(Written by Guest Blogger: Hilary Lehman, Communications and Marketing Specialist, USF Muma College of Business)
A USF undergraduate mathematics major won $10,000 Thursday for having an innovative healthcare idea: the ability to manage disease pathology using cloud-based computer analysis.
Hunter Jackson was the first-place winner in the State of Florida Healthcare Innovation Competition, where he pitched his idea in an eight-minute presentation to a panel of judges. The second and third place competitors, Rollins College student Dewey Dew and USF engineering student Simon Bello, won $5,000 and $2,500 for their innovations.
"This student competition brought together the brightest student innovators from colleges and universities from across the state of Florida to showcase their innovations to solve the biggest problems facing healthcare today," said Michael Fountain, director of USF's Center for Entrepreneurship. "I look forward to seeing many of these innovations entering the marketplace to have positive impacts in healthcare delivery. Big problems require big solutions, and these students came prepared to help solve today's most pressing unmet healthcare needs."

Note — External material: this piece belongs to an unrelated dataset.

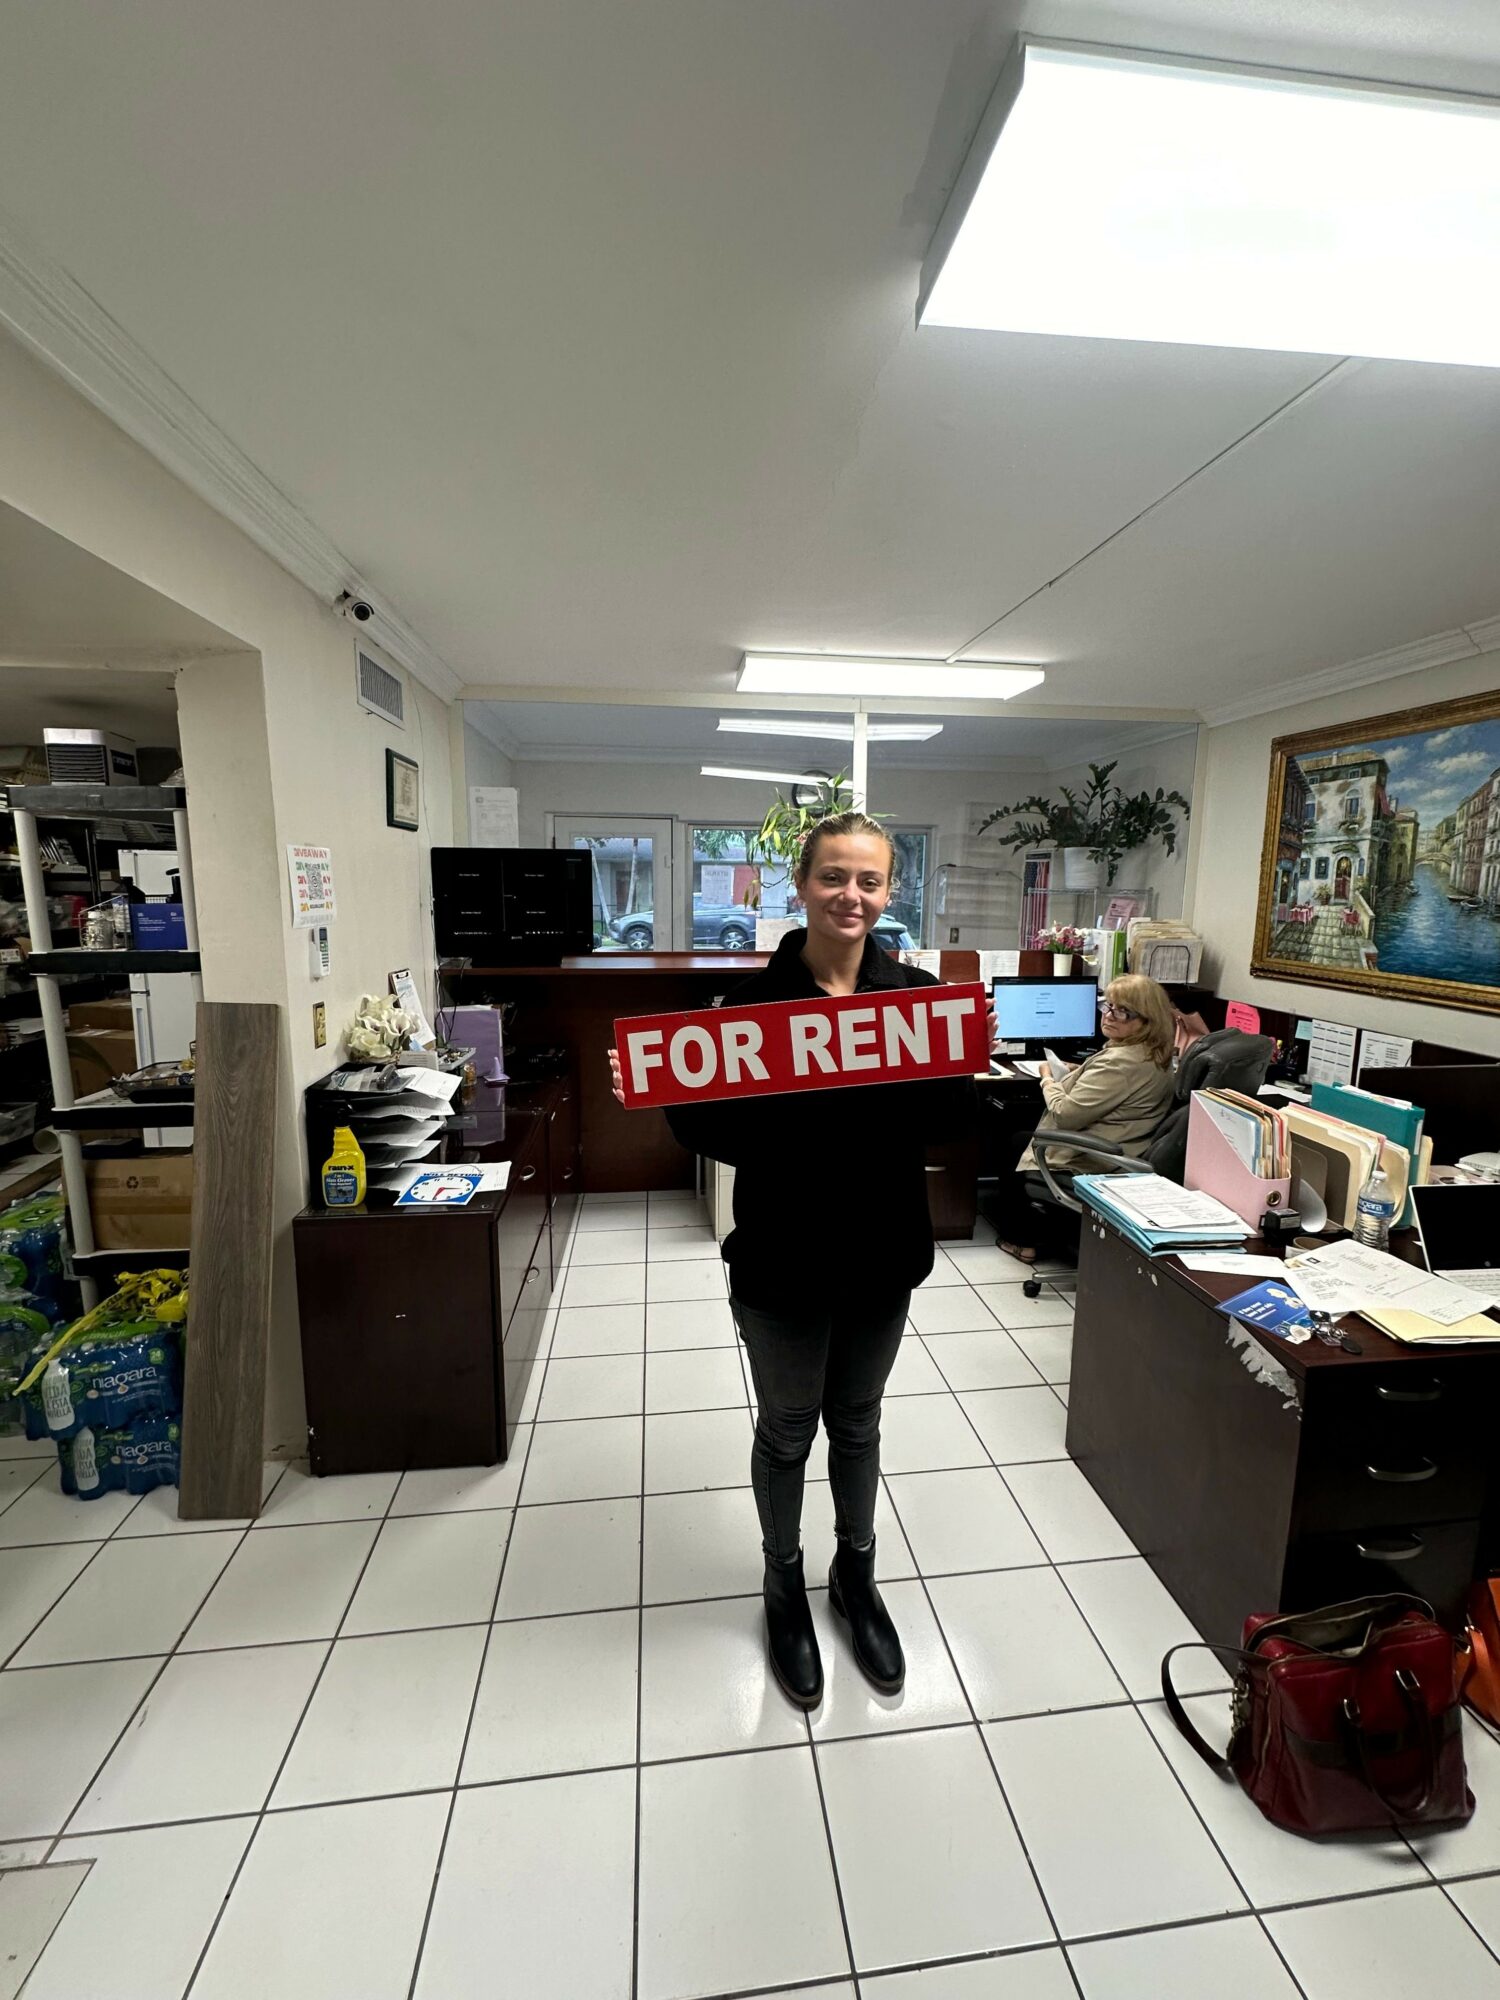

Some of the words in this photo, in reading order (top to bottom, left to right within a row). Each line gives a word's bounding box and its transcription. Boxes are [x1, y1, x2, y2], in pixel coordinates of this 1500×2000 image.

Fifteen students from four universities -- USF, the University of Florida, Florida International University, and Rollins College -- pitched their ideas for innovations in healthcare at the University of South Florida at USF Connect. Florida Blue, The National Academy of Inventors and the USF Center for Entrepreneurship partnered on this program, now in its third year, to encourage early-stage healthcare innovation and entrepreneurship in the state of Florida.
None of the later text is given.